Point Buffer 16 Byte allignment

Hey,

I have been using the point Struct that is in the advanced samples but I now need to have vertex normals and UVs.

I was thinking to use separate buffers but I am concerned about using a float3 due to a lack of 16 byte allignment.

Will the TRBVH work with a float4 if I set a 16 byte stride?e

Thanks,

I’m looking at the same thing with RGB textures as well.

The docs specifically mention INPUT OUTPUT buffers when mentioning the 16 byte alignment, which is going to be something that is synced back and forth from the device to the host hopefully 10-30 times a second, and so must experience the fastest read and write possible.

However would we see a big loss during the first sync while we transfer all of these INPUT only buffers of points and textures?
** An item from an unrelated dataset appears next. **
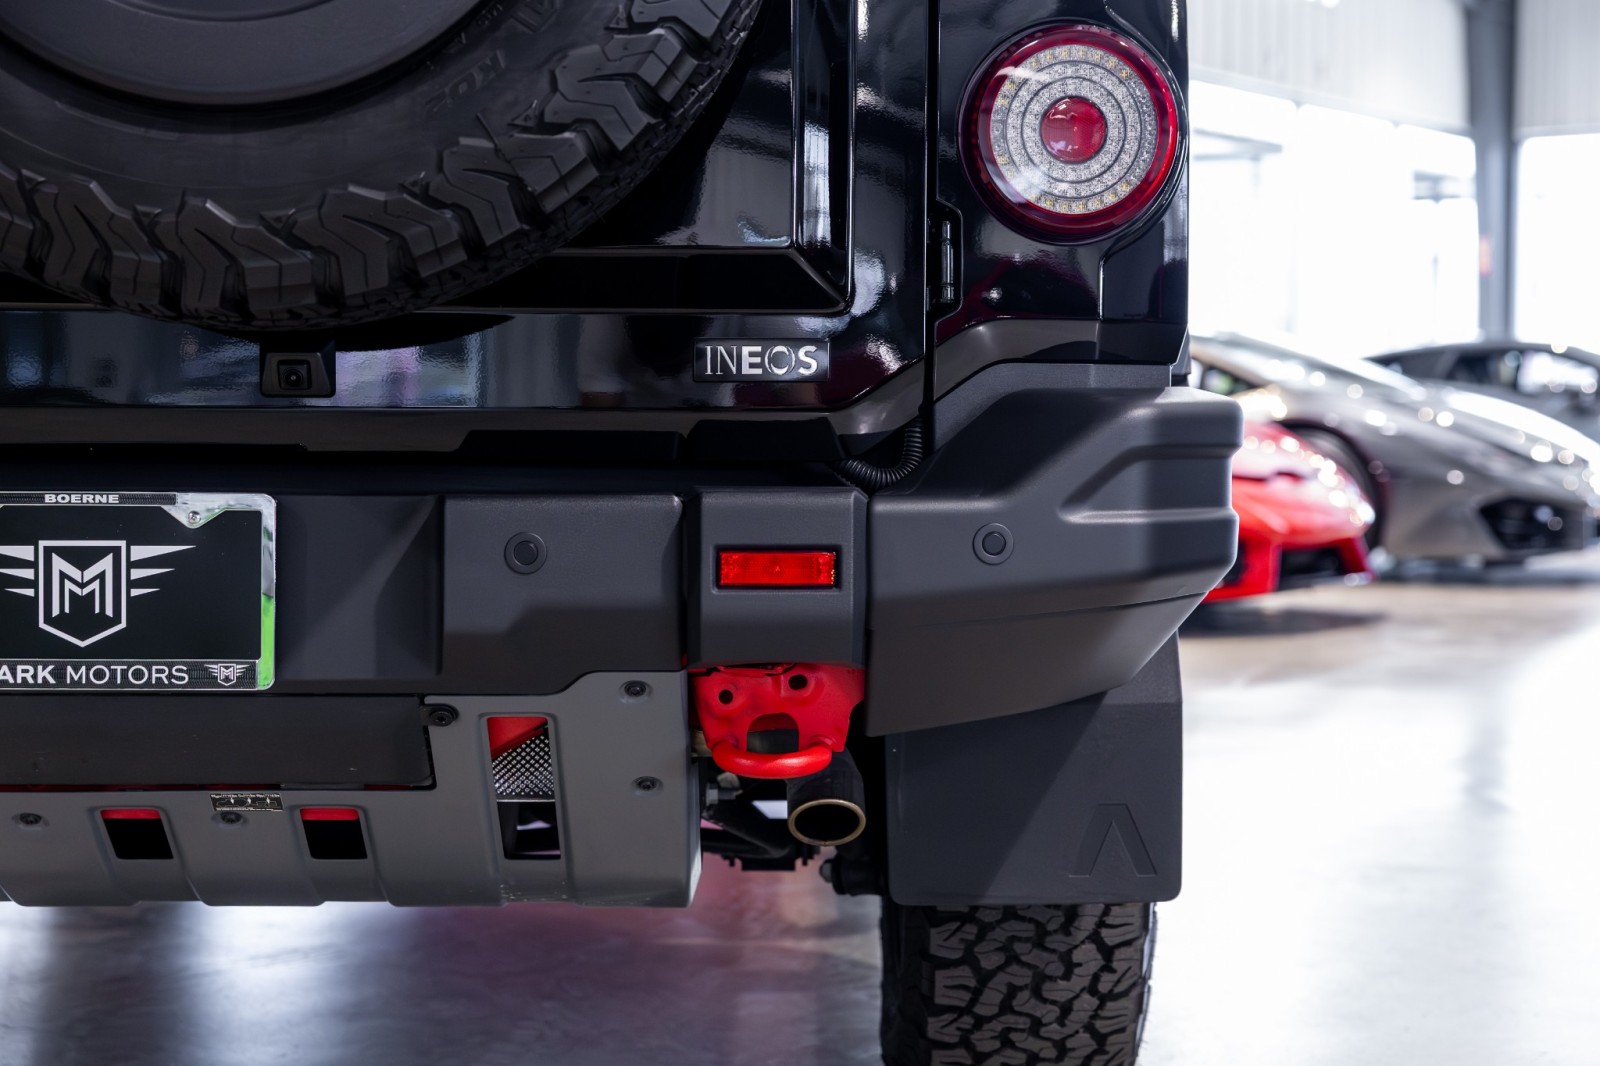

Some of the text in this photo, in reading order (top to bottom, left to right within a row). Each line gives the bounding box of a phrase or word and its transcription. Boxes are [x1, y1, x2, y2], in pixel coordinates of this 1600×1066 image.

I tested with a 1 million triangle mesh and the first sync didn’t seem to take much longer overall.

It seems that if possible a 25% less data ( float3 vs float4 ) would be worth it for memory usage with the potential for longer times before fist pixel and during sync.

If you looked at the OptiX Advanced Samples, the OptiX Introduction ones are using an interleaved vertex attribute structure.
Link to presentation video and source code here:
[url]https://devtalk.nvidia.com/default/topic/998546/optix/optix-advanced-samples-on-github/[/url]
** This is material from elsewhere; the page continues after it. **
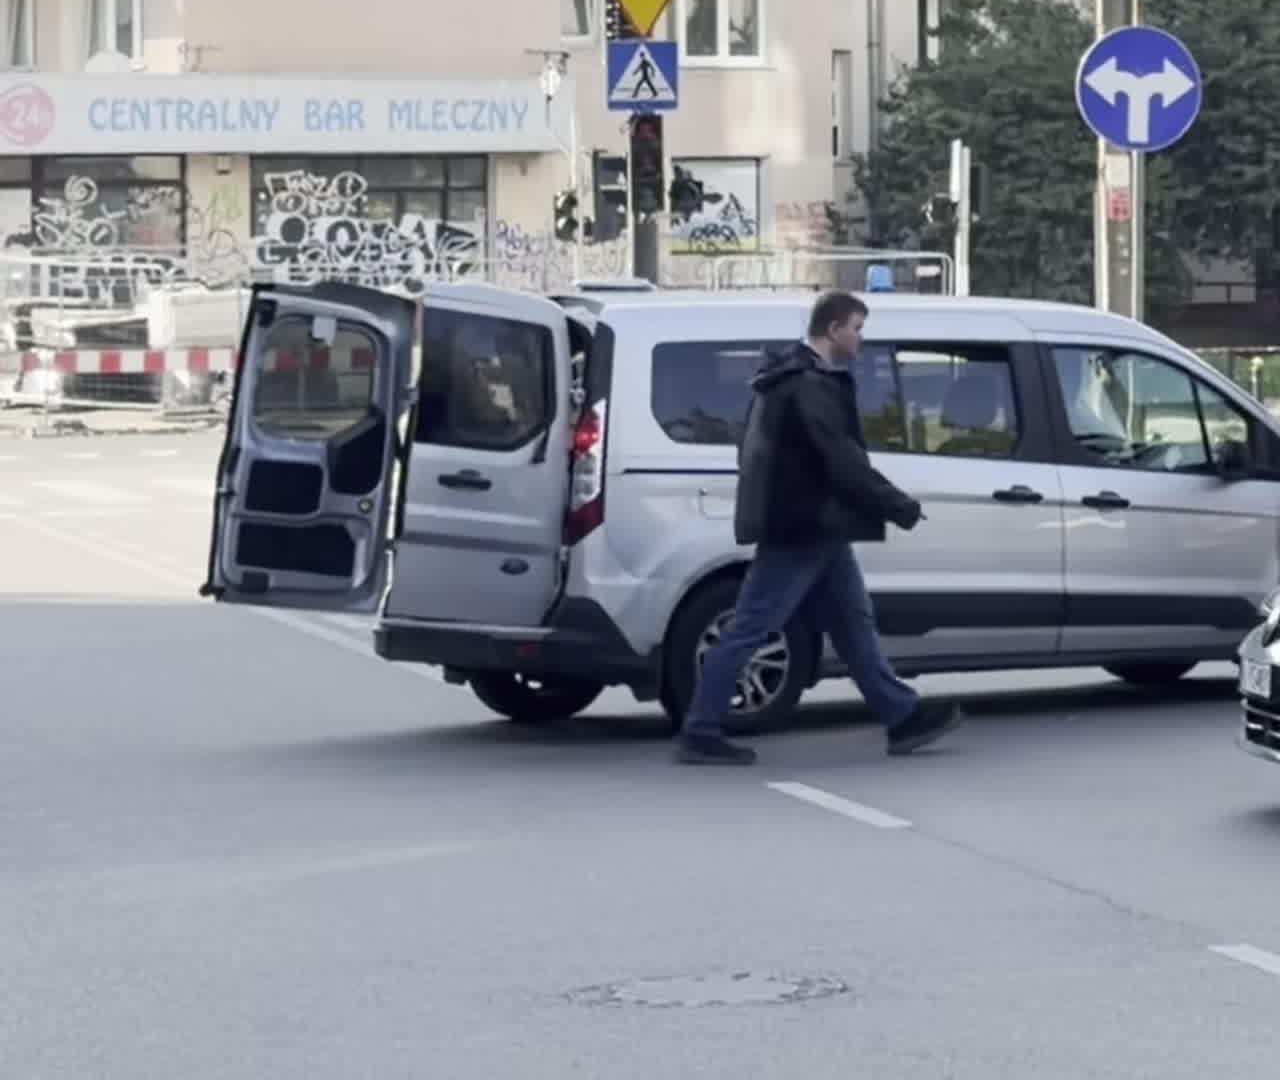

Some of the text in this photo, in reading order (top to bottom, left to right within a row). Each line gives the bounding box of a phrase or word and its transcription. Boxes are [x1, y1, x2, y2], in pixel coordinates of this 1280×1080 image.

[88, 96, 529, 133] CENTRALNY BAR MLECZNY
For memory reasons, I’m using float3 for the attributes, but I also have a version of my renderer with all float4 attributes. The performance difference with float4 was not worth the memory waste.
[url]https://github.com/nvpro-samples/optix_advanced_samples/blob/master/src/optixIntroduction/optixIntro_07/shaders/vertex_attributes.h[/url]

Means, yes, if the position x,y,z values are the first attribute in your data, the acceleration properties can also handle the necessary strides. See this thread: [url]https://devtalk.nvidia.com/default/topic/1035612/?comment=5261327[/url]
and this code
[url]optix_advanced_samples/Application.cpp at master · nvpro-samples/optix_advanced_samples · GitHub

For the RGB texture question, that’s easy, there are no three component texture formats on the device, only 1-, 2-, and 4-component textures.
See some elaborate code to convert input file formats to the necessary texture internal format here:
[url]https://github.com/nvpro-samples/optix_advanced_samples/blob/master/src/optixIntroduction/optixIntro_07/src/Texture.cpp#L327[/url]
Read the comments there, It’s currently always building 4-component textures, but 1- and 2-component encodings are prepared in the code.